DATA:
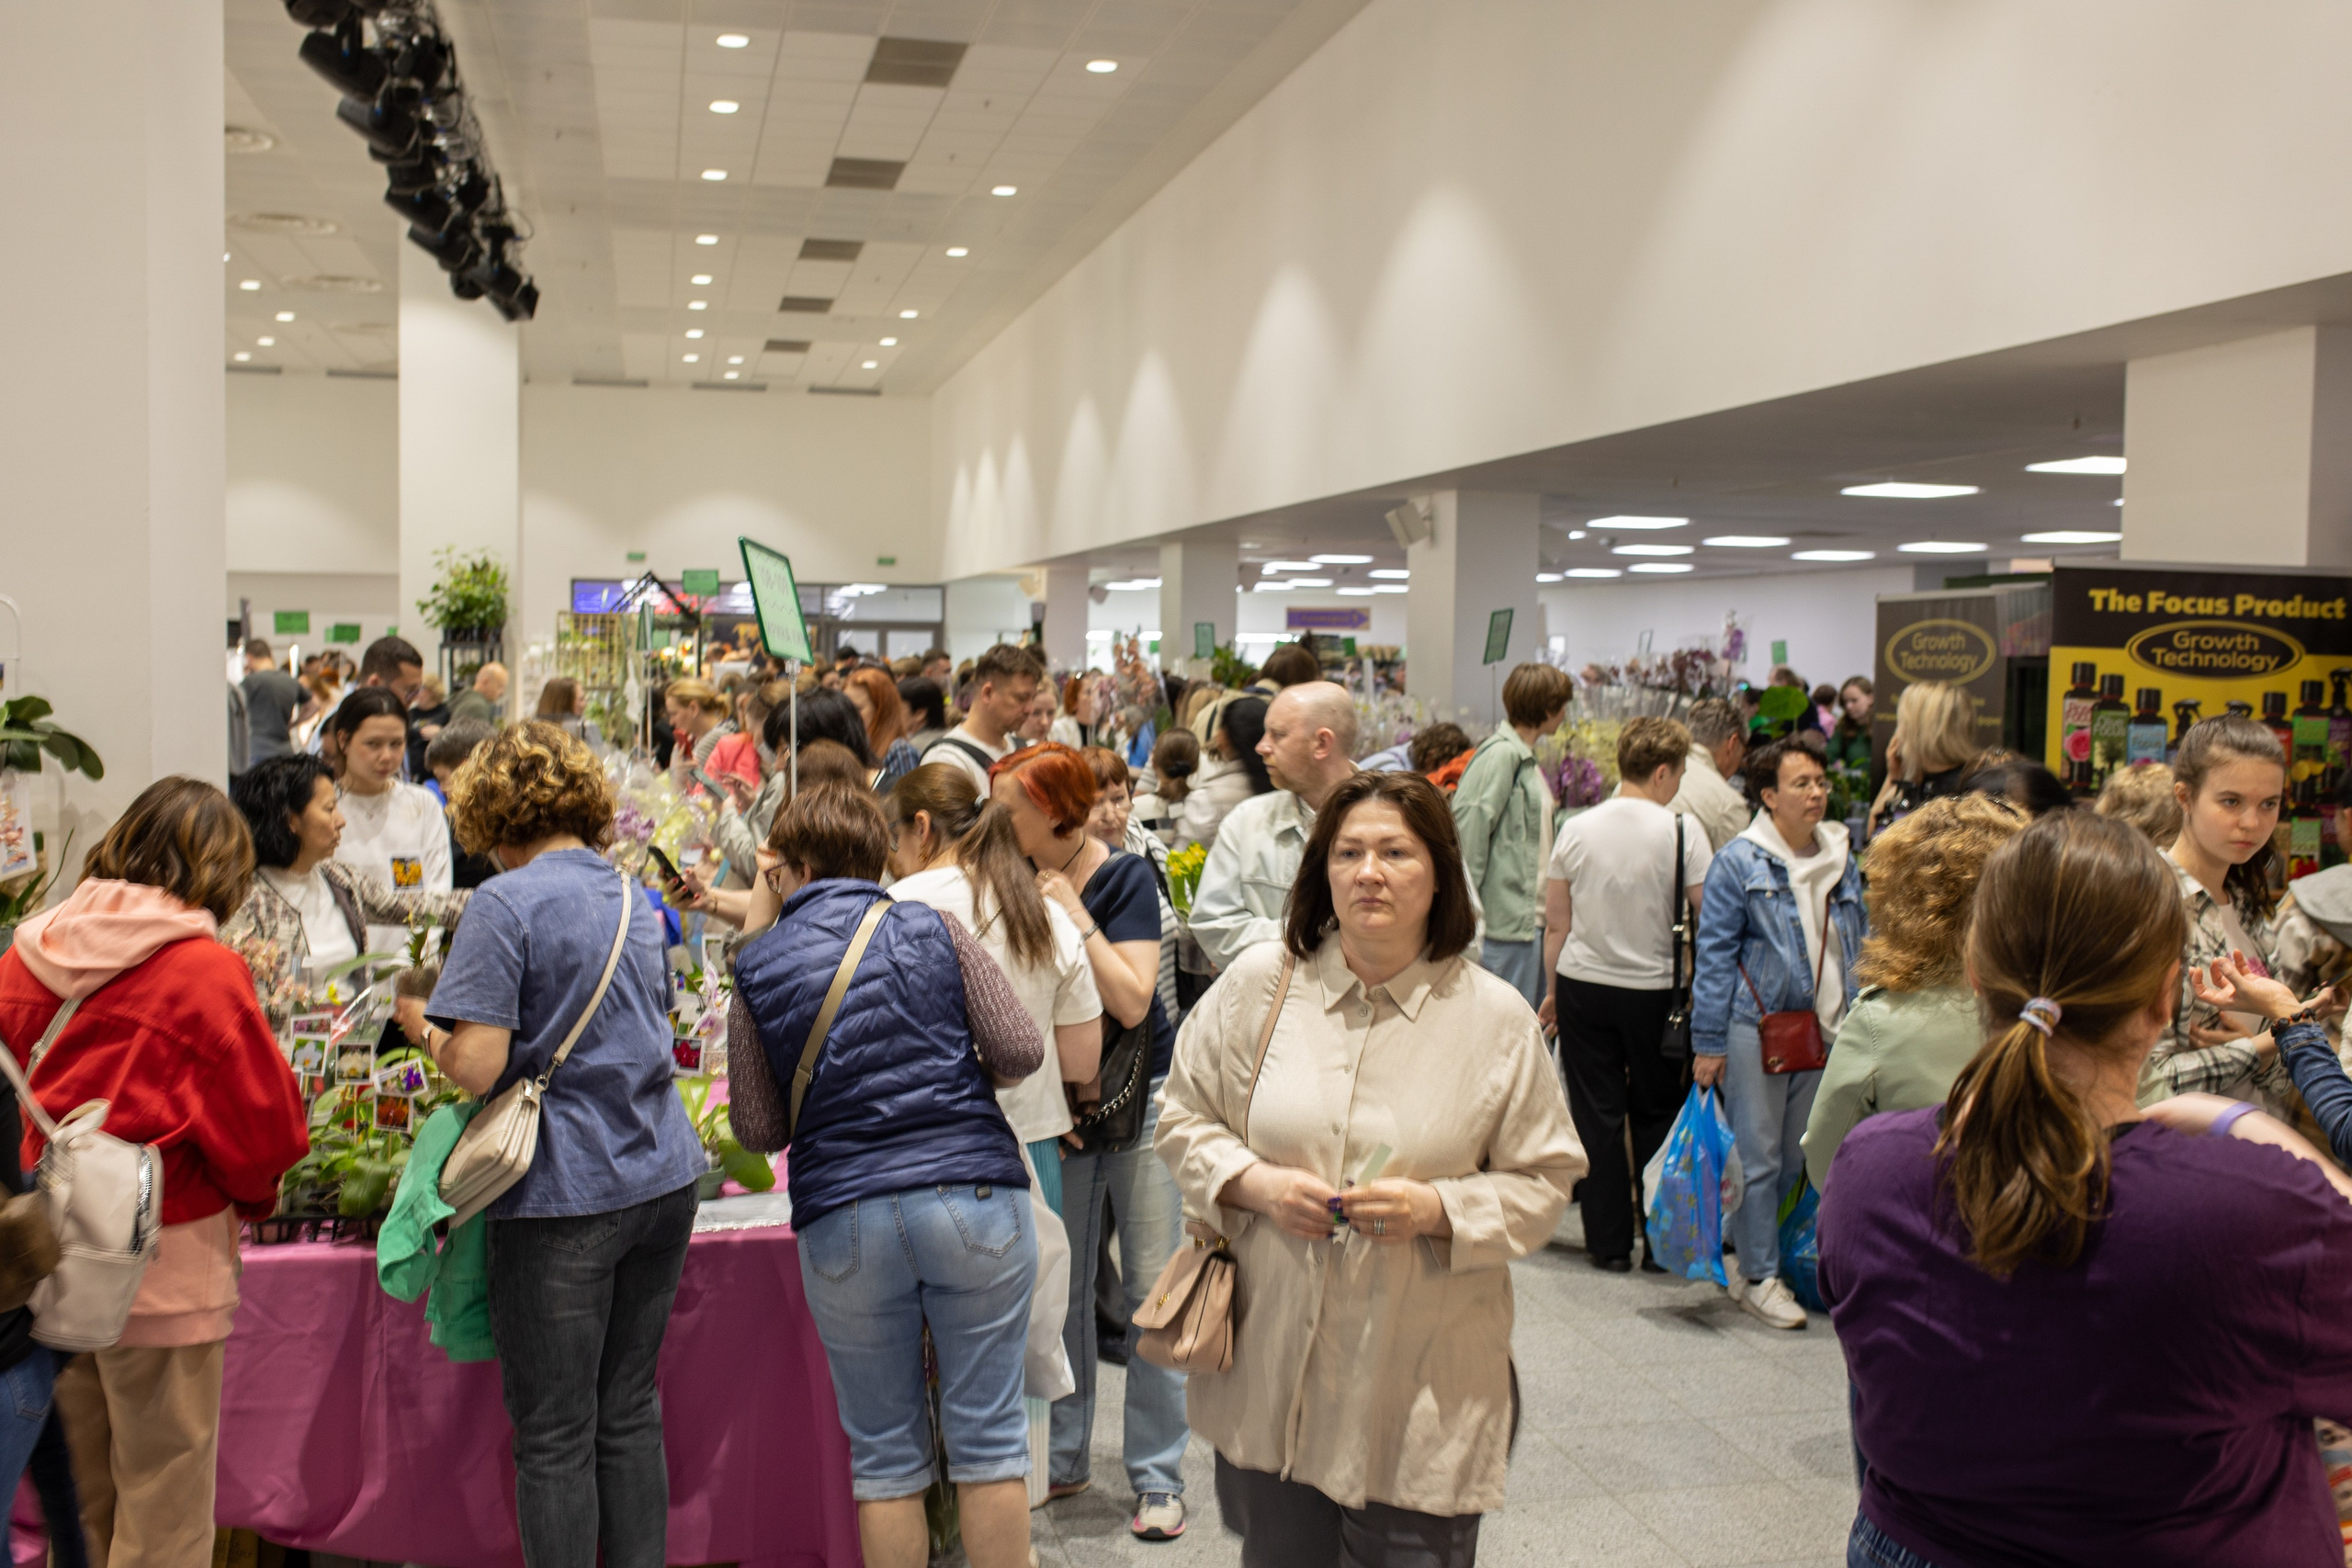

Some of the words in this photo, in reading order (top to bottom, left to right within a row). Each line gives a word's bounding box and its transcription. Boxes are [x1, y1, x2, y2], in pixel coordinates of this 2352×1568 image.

[2088, 588, 2143, 614] The
[2146, 591, 2230, 616] Focus
[2234, 593, 2347, 620] Product
[1912, 632, 1966, 651] Growth
[2172, 630, 2260, 652] Growth
[1898, 650, 1979, 673] Technology
[2151, 648, 2280, 672] Technology
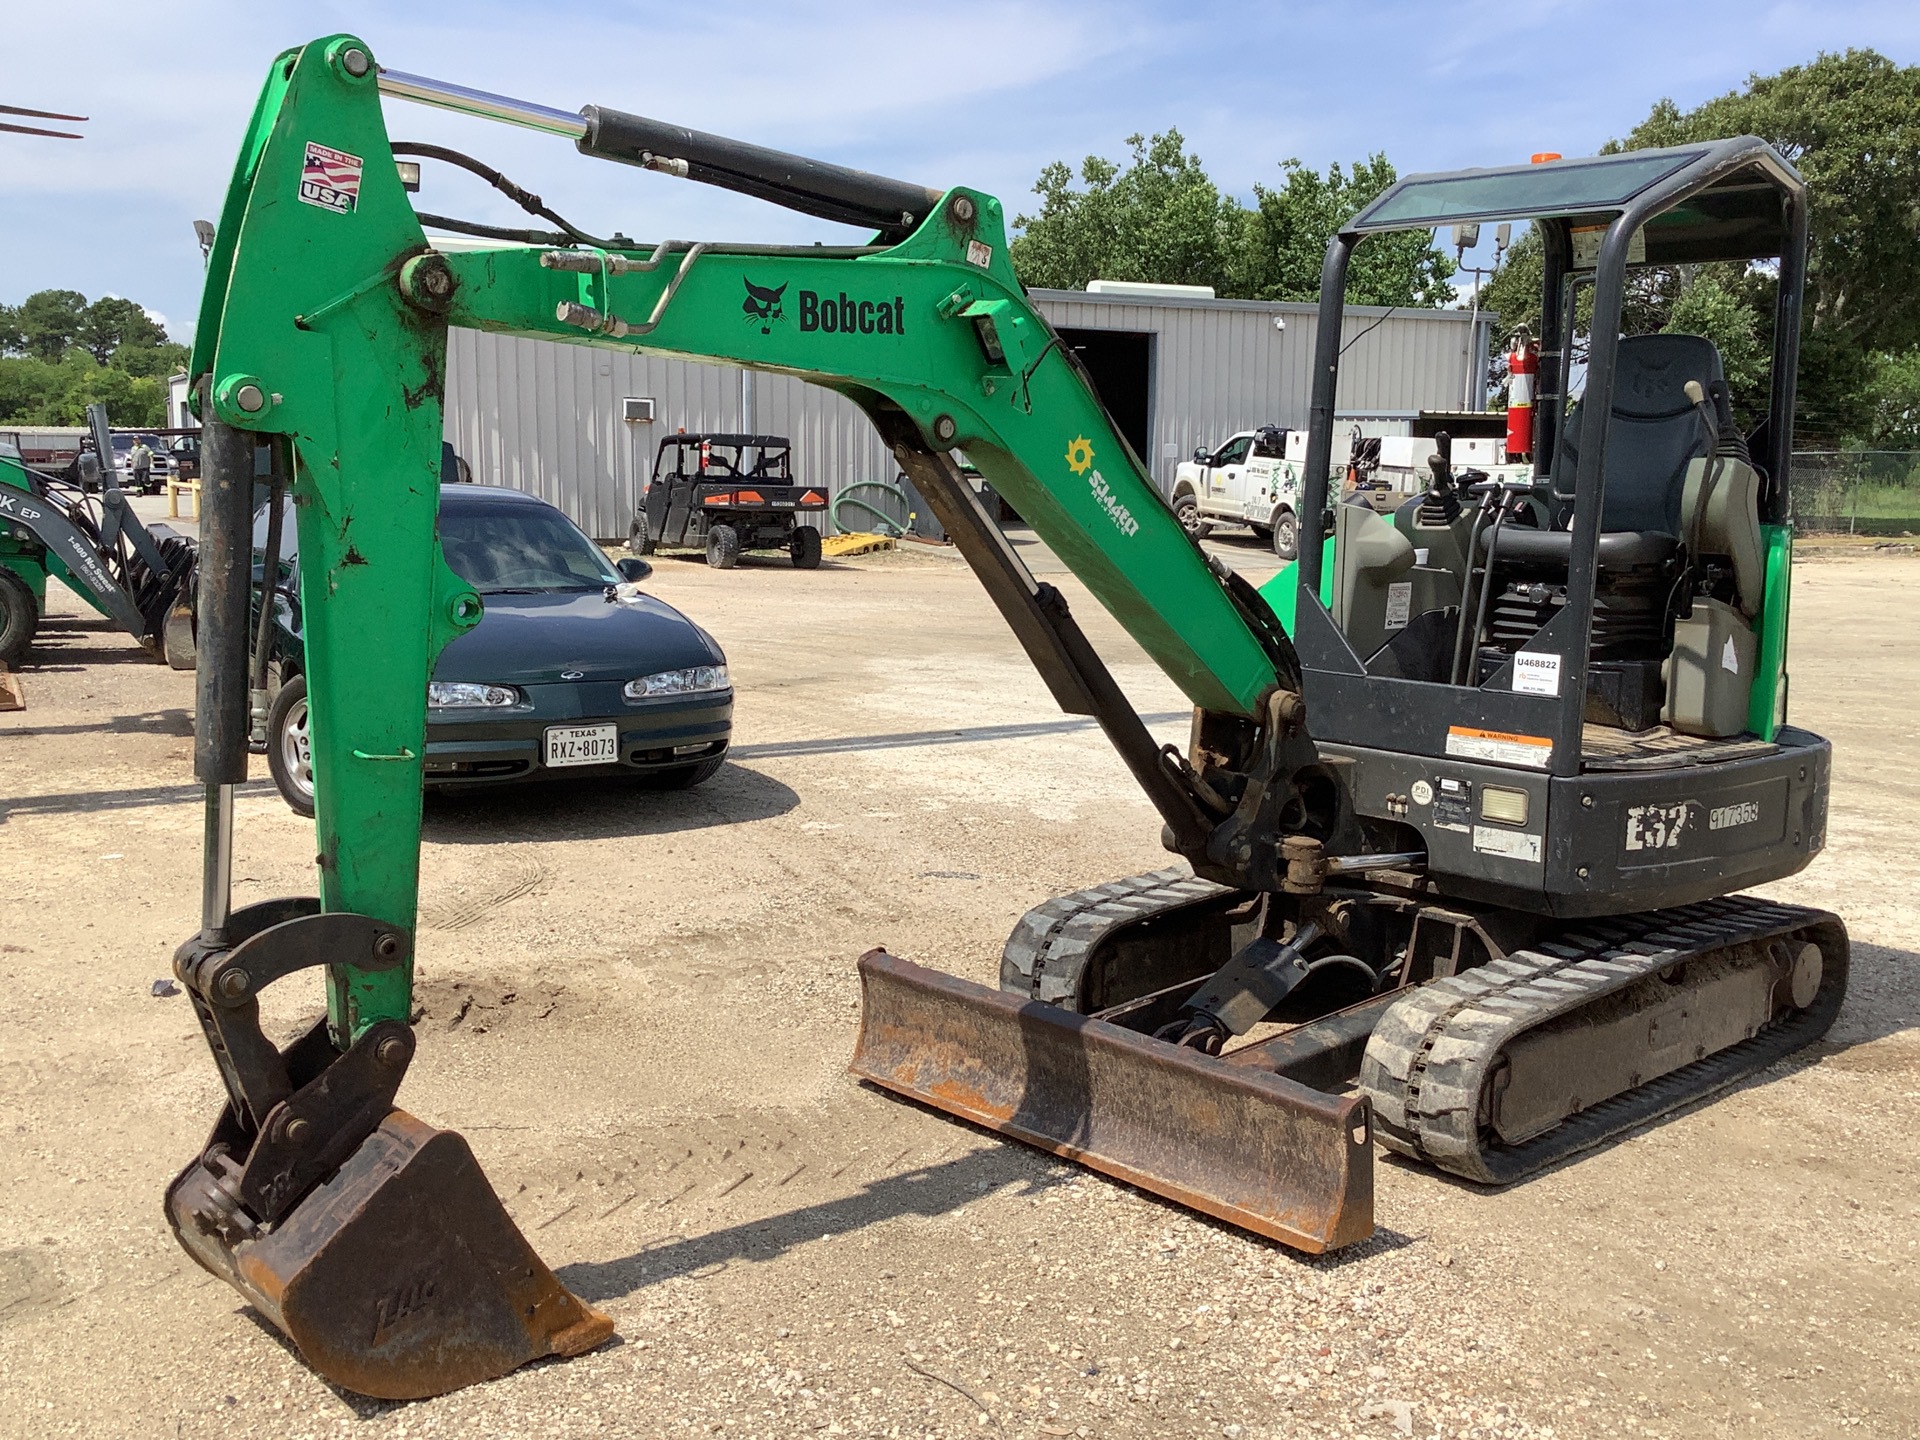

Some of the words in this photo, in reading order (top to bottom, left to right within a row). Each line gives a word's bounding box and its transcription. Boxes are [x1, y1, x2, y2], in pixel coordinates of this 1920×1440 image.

[309, 145, 333, 159] MADE
[334, 153, 343, 162] IN
[344, 157, 359, 167] THE
[303, 182, 351, 208] USA
[799, 290, 905, 335] Bobcat
[20, 507, 41, 520] EP
[1090, 489, 1126, 536] RENTALS
[67, 535, 88, 558] 1-800
[84, 556, 96, 570] No
[1517, 658, 1557, 670] U468822
[569, 729, 597, 738] TEXAS
[1487, 732, 1520, 742] WARNING
[1415, 785, 1430, 795] PDI
[1626, 801, 1688, 850] E32
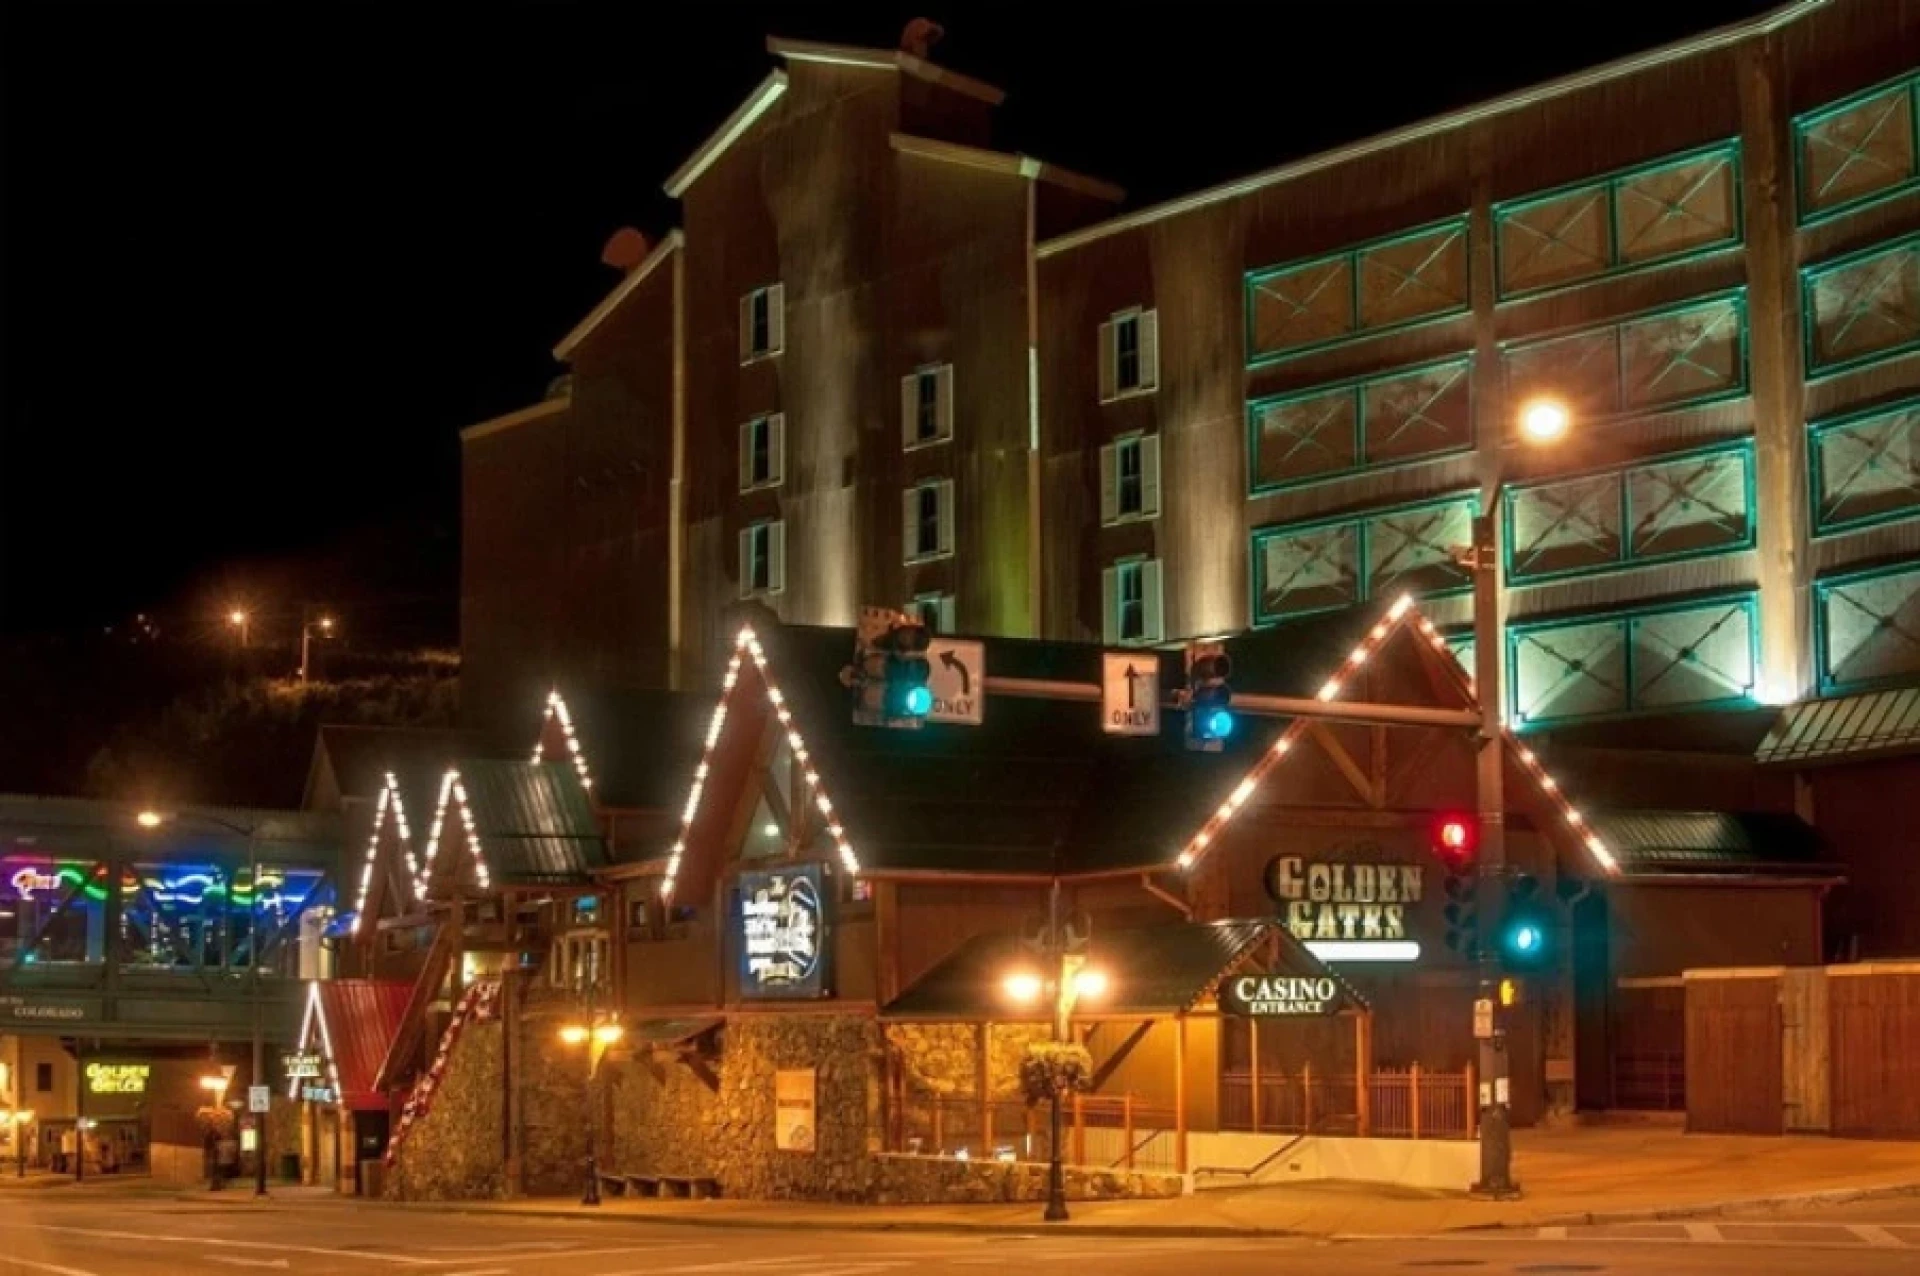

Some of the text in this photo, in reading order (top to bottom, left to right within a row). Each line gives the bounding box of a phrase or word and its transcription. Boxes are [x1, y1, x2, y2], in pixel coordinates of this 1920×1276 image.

TASK DESCRIPTION:
Repeat the entries exactly, without pictures.

ANSWER SPACE:
Some of the words in this photo, in reading order (top to bottom, left to right within a row). Each line gives a word's bounding box and its transcription. Boxes are [x1, y1, x2, y2], in pixel coordinates of this 2352×1568 image.

[2088, 588, 2143, 614] The
[2146, 591, 2230, 616] Focus
[2234, 593, 2347, 620] Product
[1912, 632, 1966, 651] Growth
[2172, 630, 2260, 652] Growth
[1898, 650, 1979, 673] Technology
[2151, 648, 2280, 672] Technology

Some of the words in this photo, in reading order (top to bottom, left to right within a row). Each line gives a word's bounding box and its transcription. Boxes are [x1, y1, x2, y2], in pixel coordinates of this 1920×1440 image.

[309, 145, 333, 159] MADE
[334, 153, 343, 162] IN
[344, 157, 359, 167] THE
[303, 182, 351, 208] USA
[799, 290, 905, 335] Bobcat
[20, 507, 41, 520] EP
[1090, 489, 1126, 536] RENTALS
[67, 535, 88, 558] 1-800
[84, 556, 96, 570] No
[1517, 658, 1557, 670] U468822
[569, 729, 597, 738] TEXAS
[1487, 732, 1520, 742] WARNING
[1415, 785, 1430, 795] PDI
[1626, 801, 1688, 850] E32

Some of the text in this photo, in reading order (top to bottom, left to right within a row). Each line gives the bounding box of a phrase or word and its transcription. Boxes are [x1, y1, x2, y2], in pixel coordinates of this 1920×1276 image.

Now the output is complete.